Then things got worse. Belch took advantage of his partner's consternation and
snatched the gun. A yellow-toothed grin pasted itself across his features.
'Point a gun at me will you?'
Meg felt tears bubbling over her lids. 'He's bleeding bad, Belch. Dying,
maybe!'
Belch shrugged. 'So what?' He raised his gaze to Meg. 'And now I've got you to
deal with.'
'Belch! Call an -'
'My reputation is at stake. If any of the lads ever found out a girl pointed a
gun at me and lived ...'
Meg knew Belch. He was going to make a big speech like he thought hard men
were supposed to. By the end of it, he'd be so worked up you wouldn't know
what he'd do. Meg decided not to wait around long enough to find out. Without
a word, she turned and flung herself through the still-open window.
Belch nodded at his eager pit bull. 'Hunt, boy. Run her down.'
Raptor licked his teeth and was off. His master took his time. There was no
hurry now. No one ever escaped Raptor. He knelt beside the pale pensioner.
'Don't go anywhere, Lowrie. I'll be back in a minute.'
The old man didn't answer.
Meg had a plan when she made her bid for freedom. She would run to the first
house with a light on, and hammer on the door. She knew now that she would
rather face the police than let old Lowrie die. Meg made only one mistake. One
fatal mistake. In all the confusion and darkness, she turned right instead of
left. Left led into a central courtyard, overlooked by practically every one
of the granny flats. Salvation. Right led into the maintenance area. The
central aerial and gas tank. Dead end.
Raptor skidded around the corner. Invisible but for gleaming teeth and snorts
of steam billowing from his nostrils. He stood his ground, blocking the alley
back from the maintenance area.
'Shoo!' said Meg hopefully. 'Home, boy.'
If the dog could have chuckled derisively, he would have. There was no way the
girl was getting past.
Belch's shadow fell across the confined space. 'You're a rubbish criminal,
Finn. Running straight down a cul-de-sac.' The twin gun barrels poked from the
shadows, like black eyes.
'Belch. For God's sake. Call an ambulance - it's not too late.'
' 'Fraid it is. For you, anyway.'
The curve of the gas tank was cold against Meg's back. The line of the weld
rubbed along her spine. Nowhere to go. The gun barrels swivelled and aimed at
her.
'Come on, Belch. This isn't funny.'
'I'm not laughing, Finn.'
It was true. He wasn't.
'You're not going to shoot me. So just give me the few punches and get it over
with.'
Belch shrugged. 'I've no choice, really. It's all right for you. You're only a
kid, but I'm sixteen. Responsible for my own actions. This'll mean prison. And
I think you'd squeal.'
Just yesterday Meg would've said: You think, Belcher? Pull the other one. But
not now. This was a different Belch. This was how he was in the dark.

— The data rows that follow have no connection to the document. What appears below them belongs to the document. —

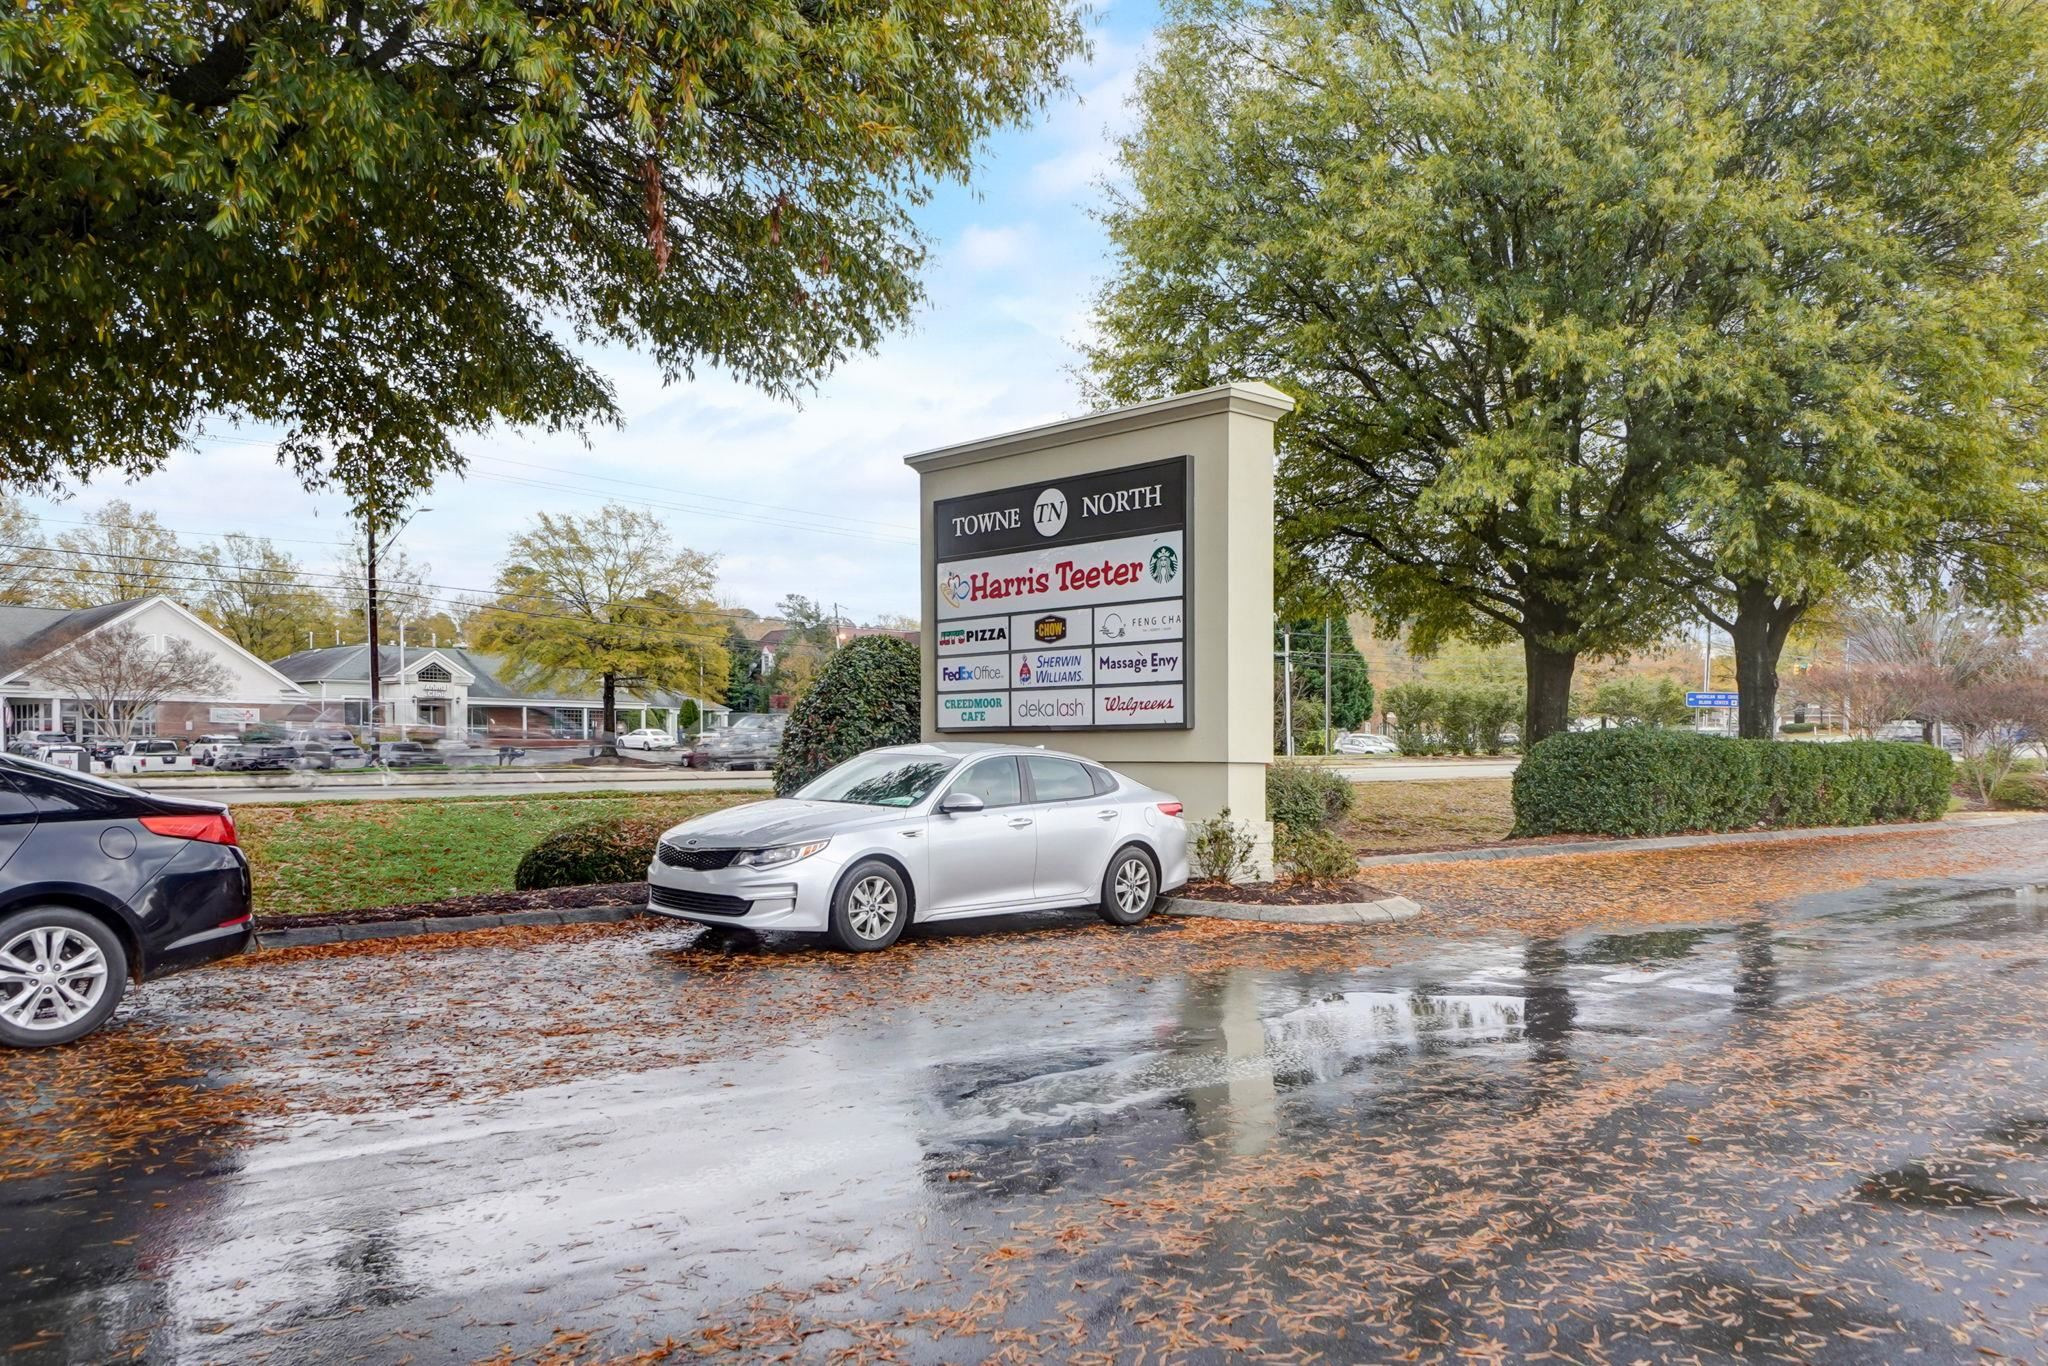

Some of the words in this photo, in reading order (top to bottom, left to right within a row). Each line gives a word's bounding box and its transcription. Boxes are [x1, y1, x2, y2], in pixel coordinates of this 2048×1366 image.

[952, 508, 1021, 536] TOWNE
[1036, 500, 1065, 524] TN
[1081, 484, 1162, 517] NORTH
[969, 567, 1049, 602] Harris
[1055, 559, 1143, 592] Teeter
[1132, 616, 1157, 626] FENG
[1161, 614, 1182, 625] CHA
[966, 627, 1007, 642] PIZZA
[1038, 622, 1063, 637] CHOW
[1036, 655, 1082, 668] SHERWIN
[1099, 656, 1147, 673] Massage
[1151, 652, 1178, 672] Envy
[944, 698, 1002, 710] CREEDMOOR
[1104, 696, 1174, 716] Walgreens
[960, 711, 986, 722] CAFE
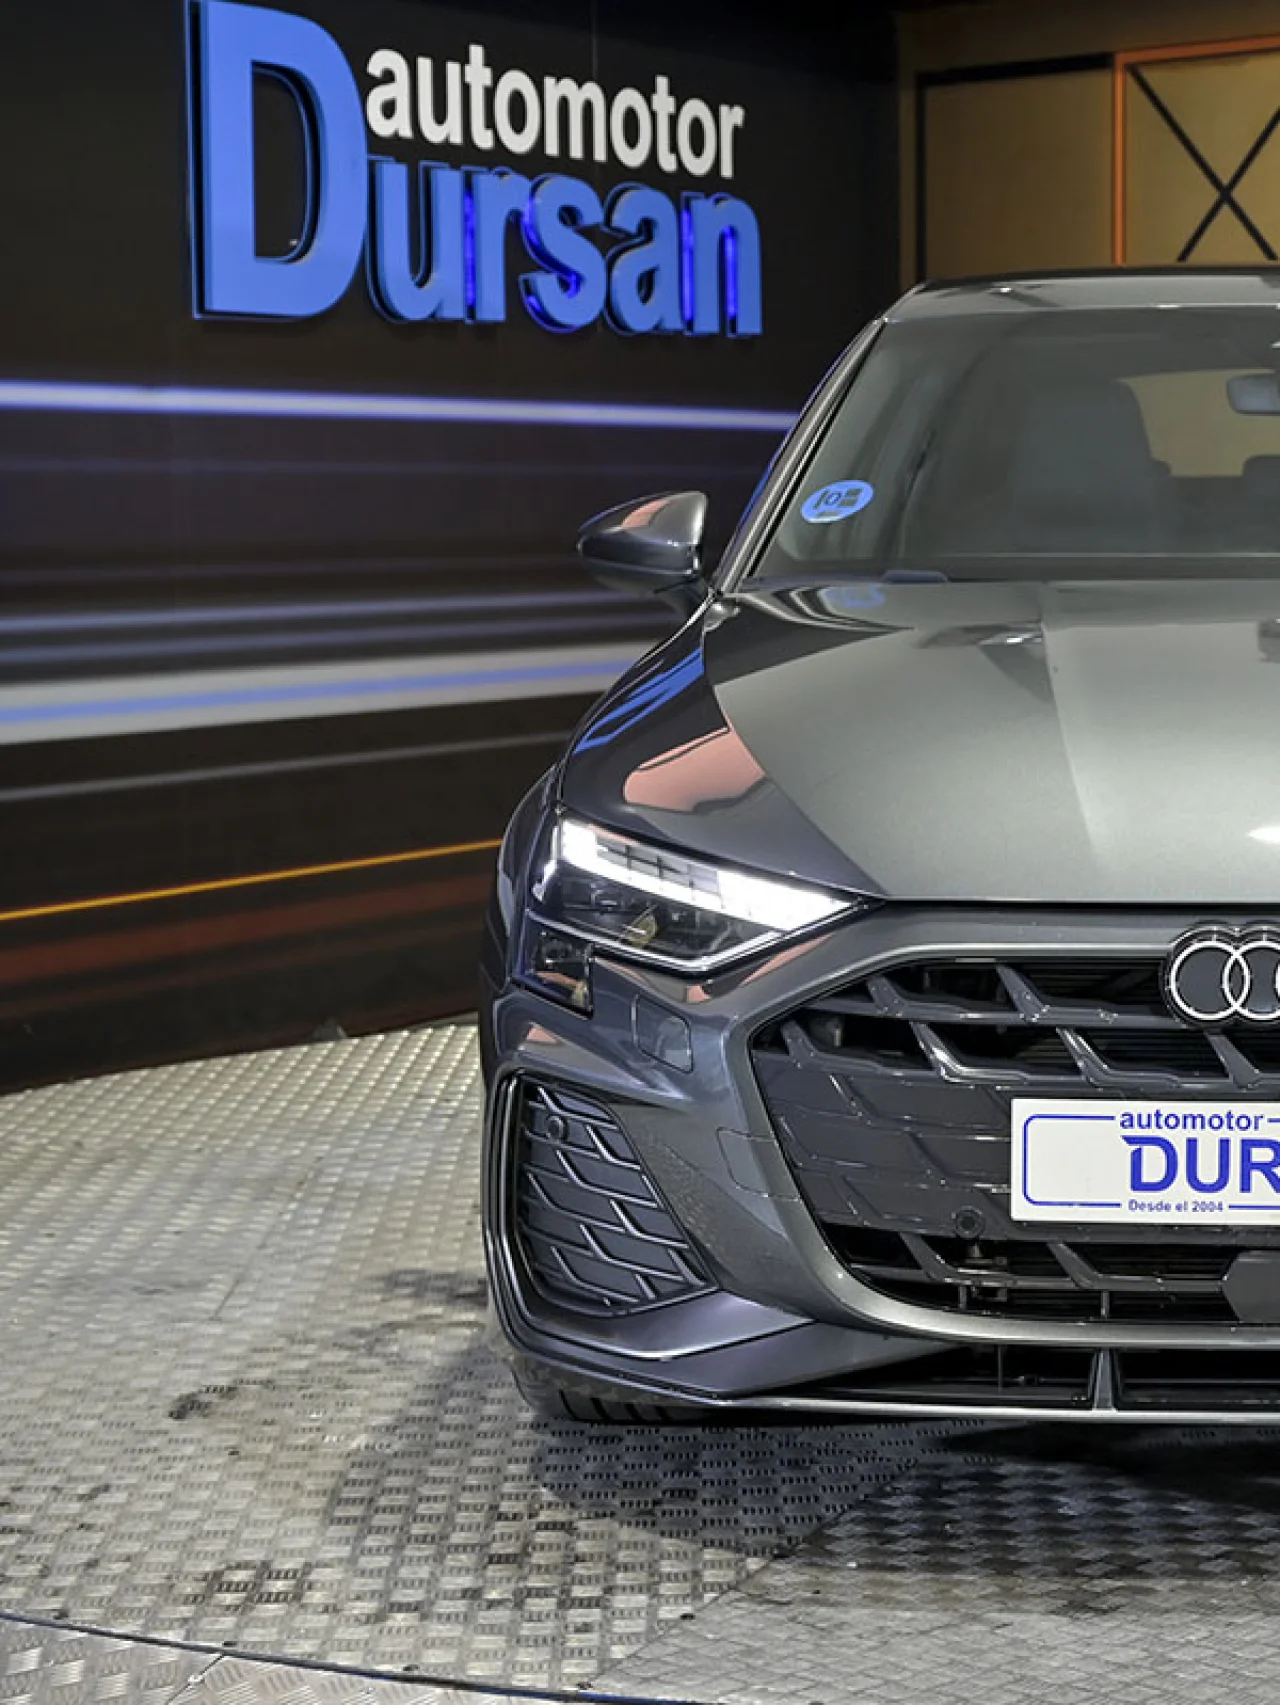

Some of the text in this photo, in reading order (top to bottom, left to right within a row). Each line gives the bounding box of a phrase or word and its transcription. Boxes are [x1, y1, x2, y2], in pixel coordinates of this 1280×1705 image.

[366, 44, 745, 179] automotor
[185, 0, 764, 338] Dursan
[1119, 1109, 1265, 1132] automotor
[1128, 1199, 1224, 1213] Desde el 2004

'I won't squeal, Belch, sure I'm an accessory.'
'True. Still...'
Belch let the sentence hang. Meg knew the onus was on her to prove her
loyalty. She had to say what he wanted to hear.
'Who cares?' she mumbled, the words grating like broken glass in her throat.
'Who cares if another wrinkly dies? Not me, that's for sure.'
Belch studied her face, looking for the lie. Apparently he found it.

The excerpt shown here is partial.